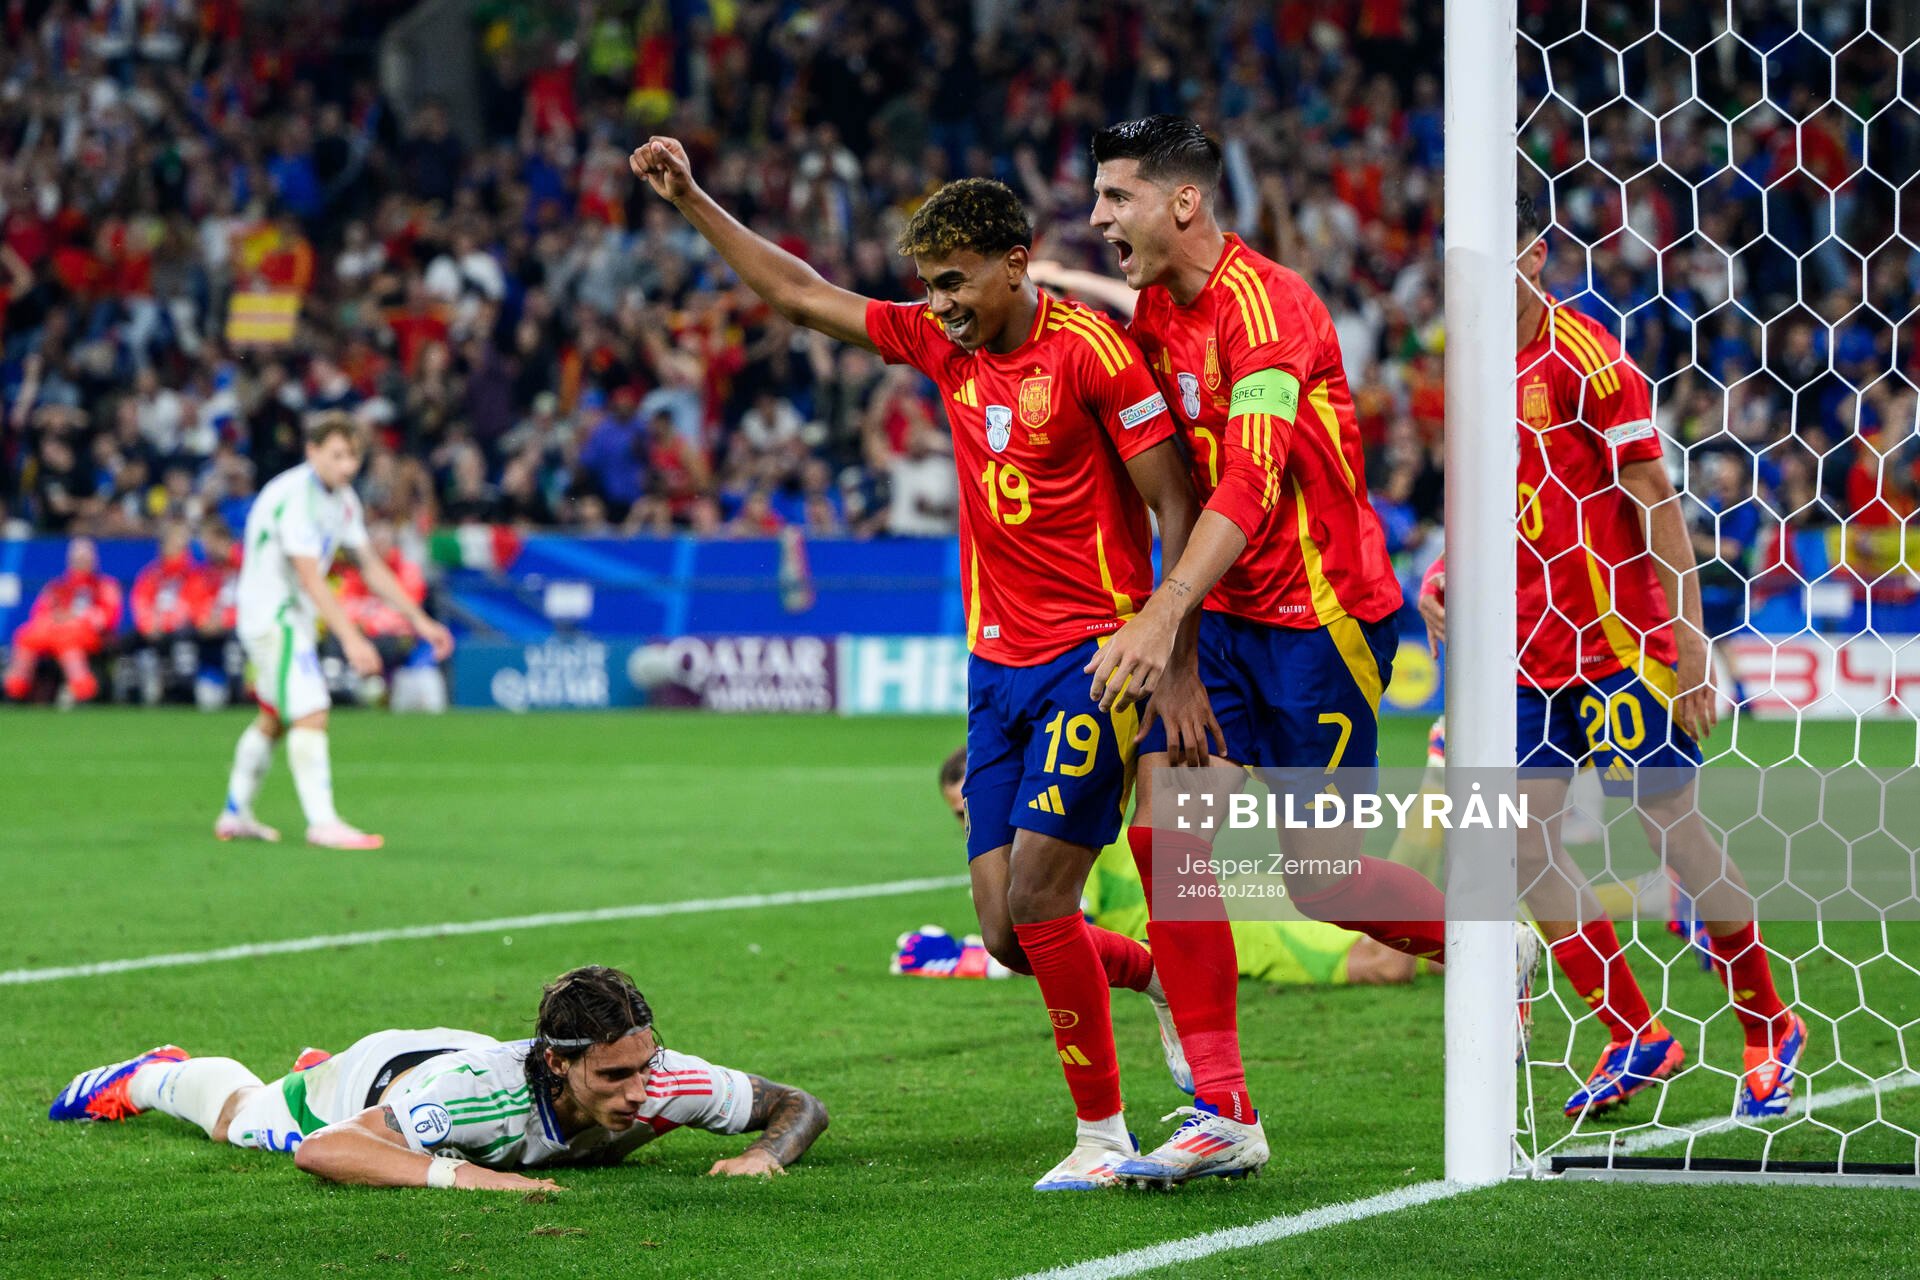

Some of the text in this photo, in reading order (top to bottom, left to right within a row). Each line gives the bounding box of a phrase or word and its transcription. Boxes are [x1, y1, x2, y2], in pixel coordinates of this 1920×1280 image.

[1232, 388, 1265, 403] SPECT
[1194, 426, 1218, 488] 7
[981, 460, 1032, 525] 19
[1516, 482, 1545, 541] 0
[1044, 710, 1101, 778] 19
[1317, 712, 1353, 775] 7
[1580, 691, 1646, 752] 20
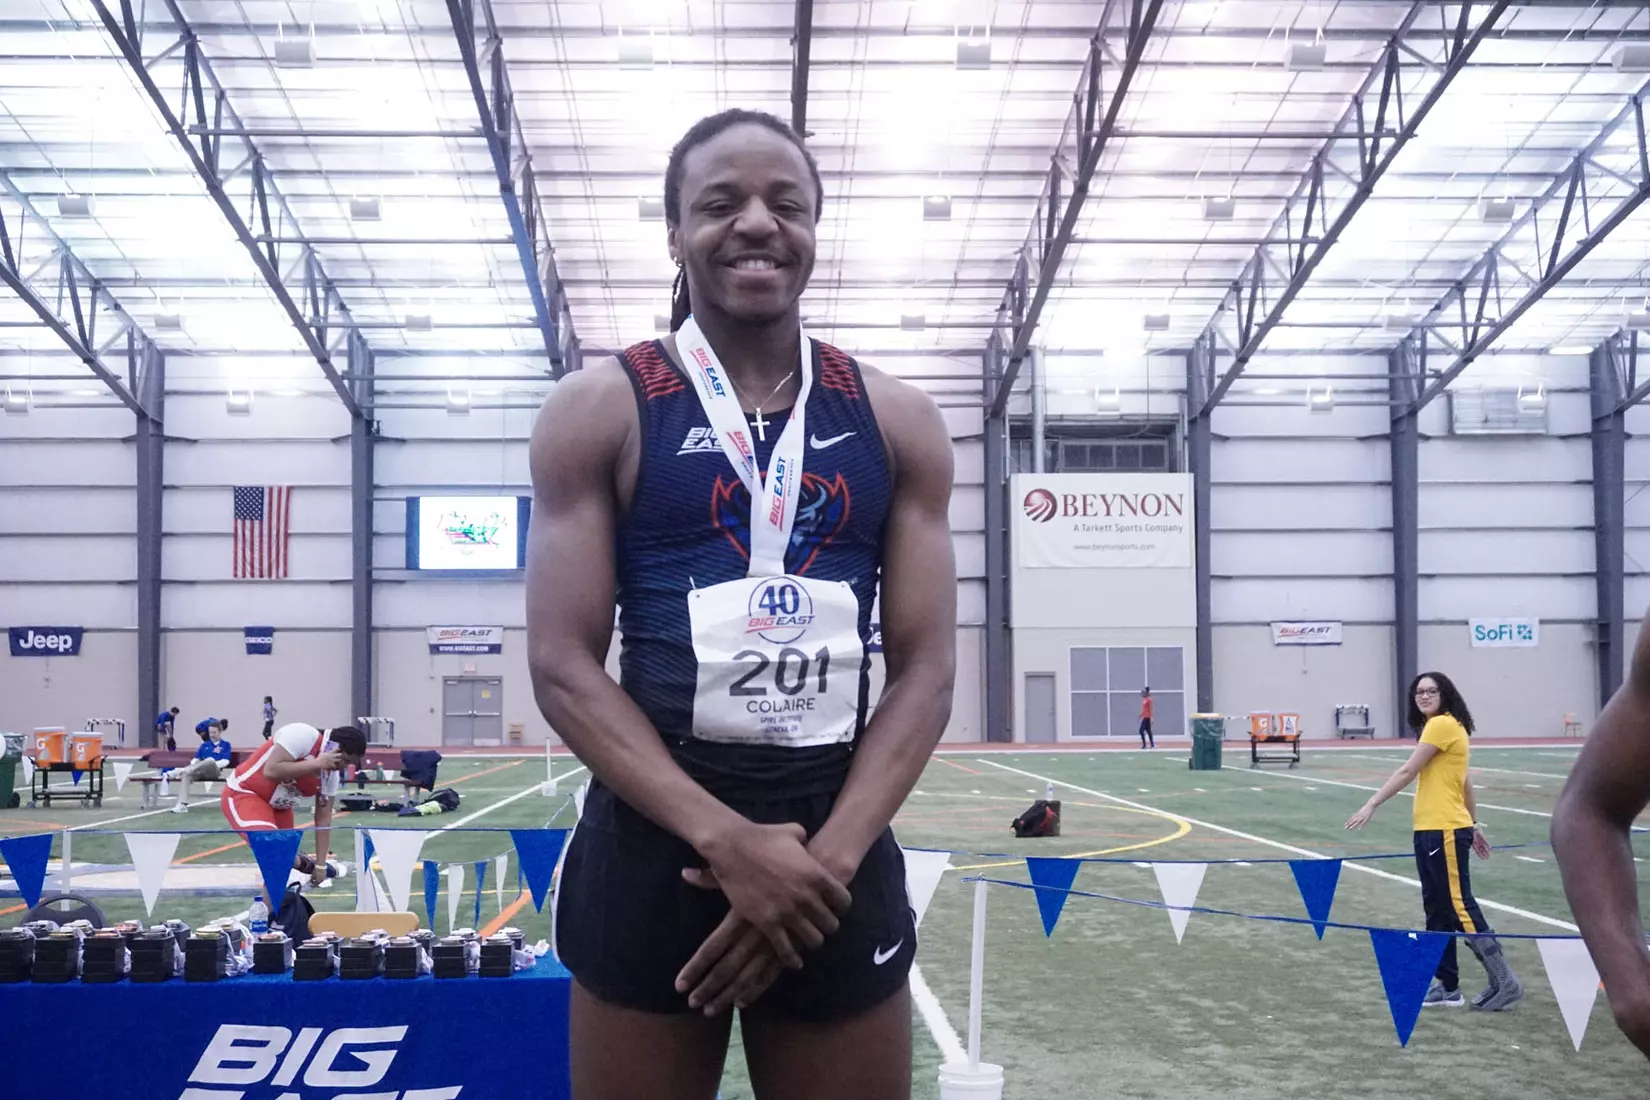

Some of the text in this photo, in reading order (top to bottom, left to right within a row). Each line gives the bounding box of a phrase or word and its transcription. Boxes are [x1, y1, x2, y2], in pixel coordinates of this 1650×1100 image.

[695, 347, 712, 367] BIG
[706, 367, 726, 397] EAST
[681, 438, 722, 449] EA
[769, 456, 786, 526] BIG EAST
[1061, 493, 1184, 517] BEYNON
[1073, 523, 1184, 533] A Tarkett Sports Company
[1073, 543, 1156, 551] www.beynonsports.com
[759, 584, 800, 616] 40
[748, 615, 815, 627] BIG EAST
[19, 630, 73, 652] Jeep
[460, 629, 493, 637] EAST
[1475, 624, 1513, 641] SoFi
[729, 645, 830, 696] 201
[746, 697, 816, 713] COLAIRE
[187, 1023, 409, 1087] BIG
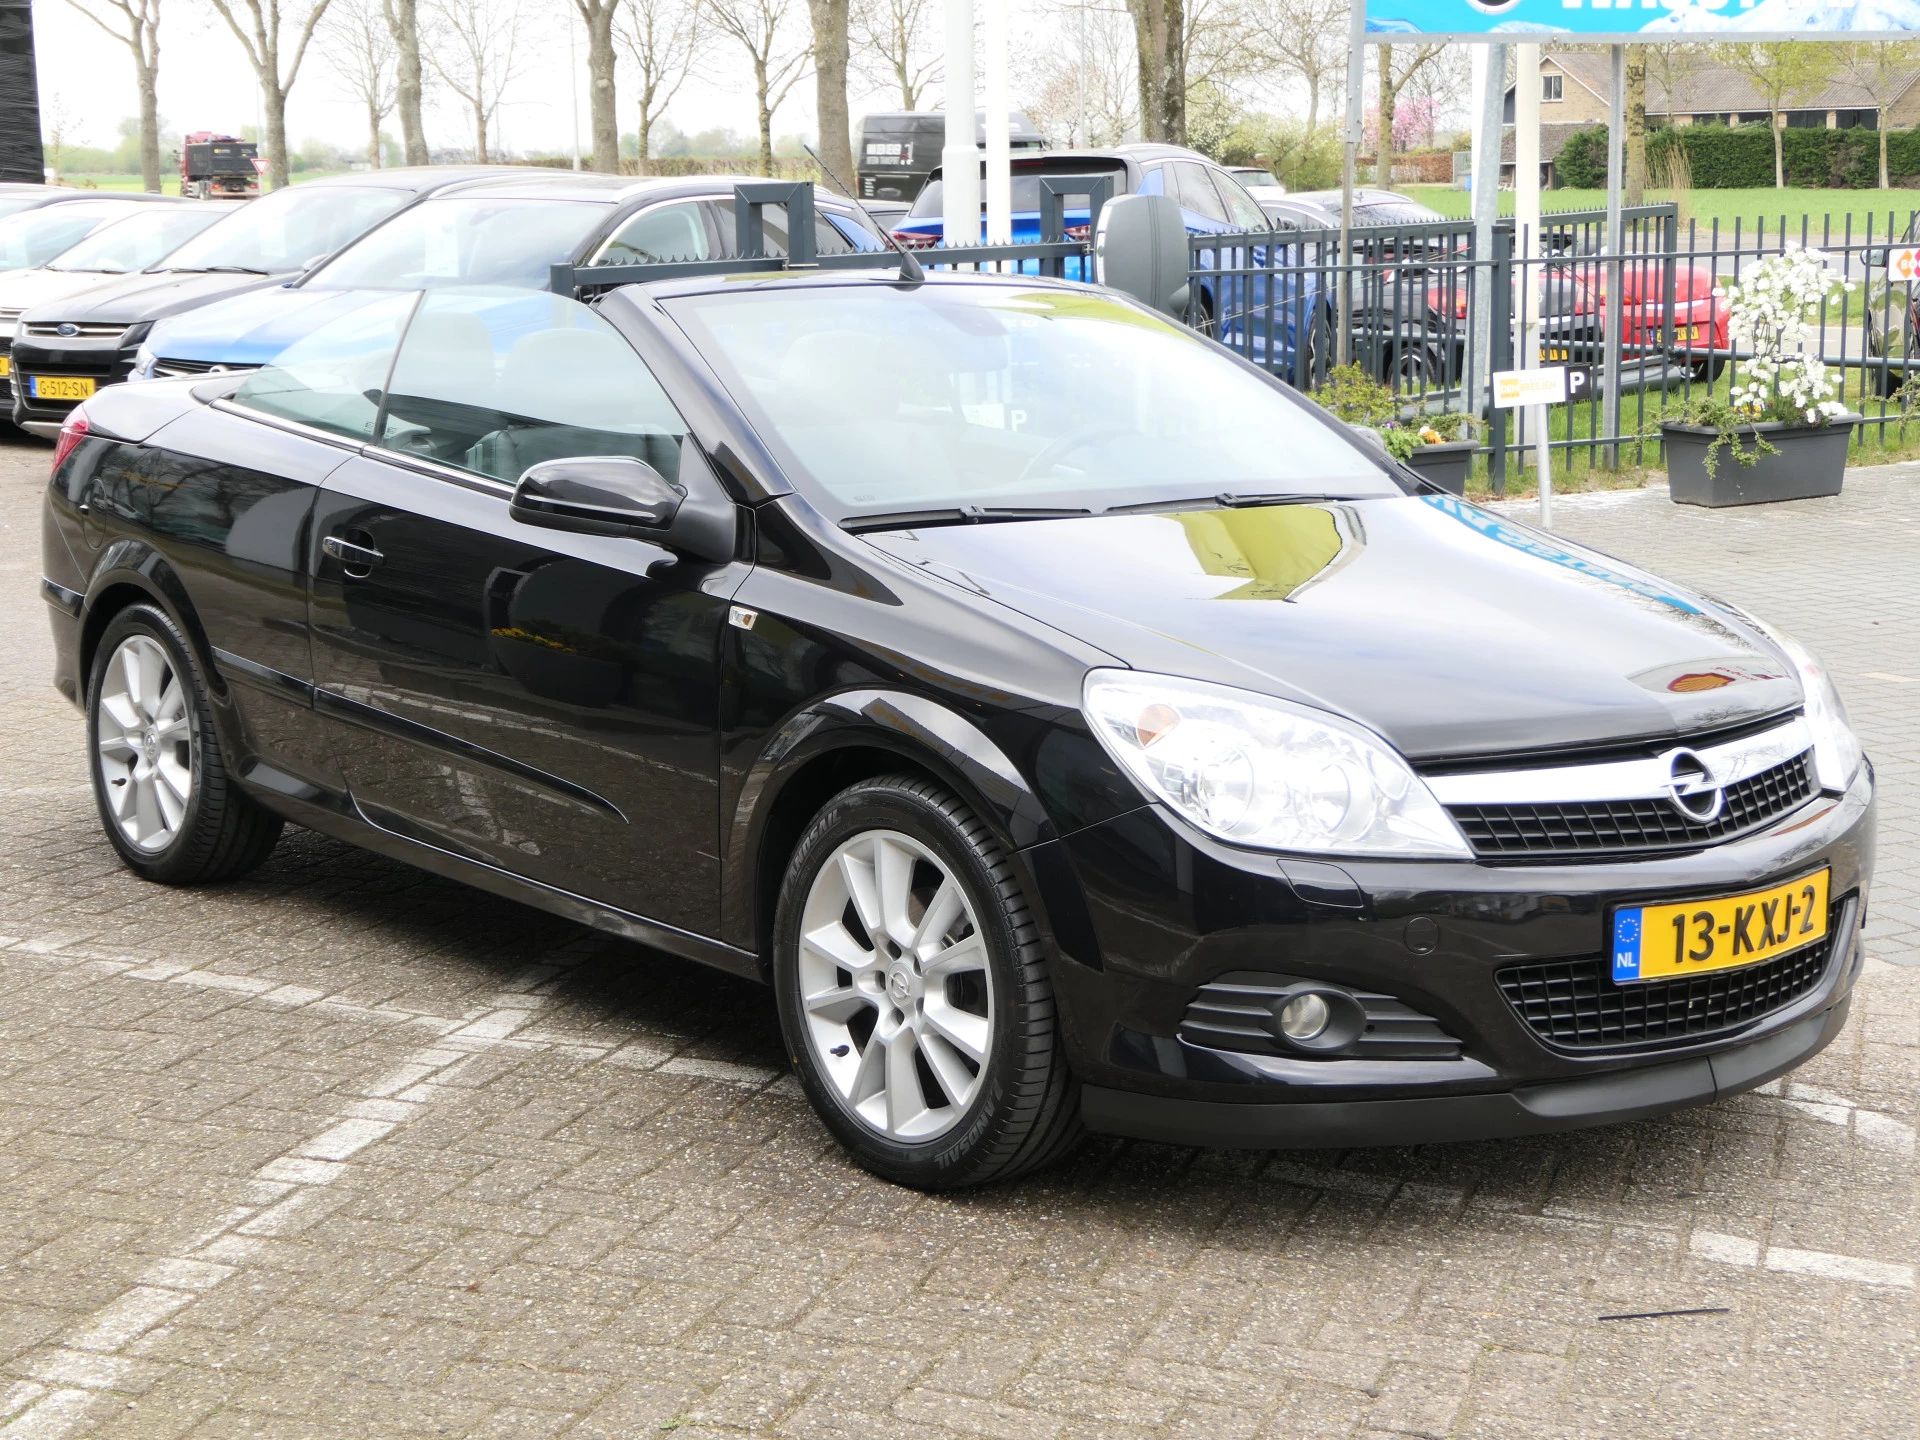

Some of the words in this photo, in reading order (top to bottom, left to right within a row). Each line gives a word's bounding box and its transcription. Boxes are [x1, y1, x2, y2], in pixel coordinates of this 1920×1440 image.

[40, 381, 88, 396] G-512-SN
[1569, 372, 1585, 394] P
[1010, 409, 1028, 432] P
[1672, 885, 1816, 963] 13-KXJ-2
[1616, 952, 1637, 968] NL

#####

The task » Your task is to reproduce exactly the lines from the one with "this 1650×1100 image." to the end of the material, both included, with the pictures left out.

Answer box »
Some of the text in this photo, in reading order (top to bottom, left to right within a row). Each line gives the bounding box of a phrase or word and its transcription. Boxes are [x1, y1, x2, y2], in pixel coordinates of this 1650×1100 image.

[695, 347, 712, 367] BIG
[706, 367, 726, 397] EAST
[681, 438, 722, 449] EA
[769, 456, 786, 526] BIG EAST
[1061, 493, 1184, 517] BEYNON
[1073, 523, 1184, 533] A Tarkett Sports Company
[1073, 543, 1156, 551] www.beynonsports.com
[759, 584, 800, 616] 40
[748, 615, 815, 627] BIG EAST
[19, 630, 73, 652] Jeep
[460, 629, 493, 637] EAST
[1475, 624, 1513, 641] SoFi
[729, 645, 830, 696] 201
[746, 697, 816, 713] COLAIRE
[187, 1023, 409, 1087] BIG

Some of the words in this photo, in reading order (top to bottom, left to right within a row). Each line gives a word's bounding box and its transcription. Boxes are [x1, y1, x2, y2], in pixel coordinates of this 1920×1440 image.

[40, 381, 88, 396] G-512-SN
[1569, 372, 1585, 394] P
[1010, 409, 1028, 432] P
[1672, 885, 1816, 963] 13-KXJ-2
[1616, 952, 1637, 968] NL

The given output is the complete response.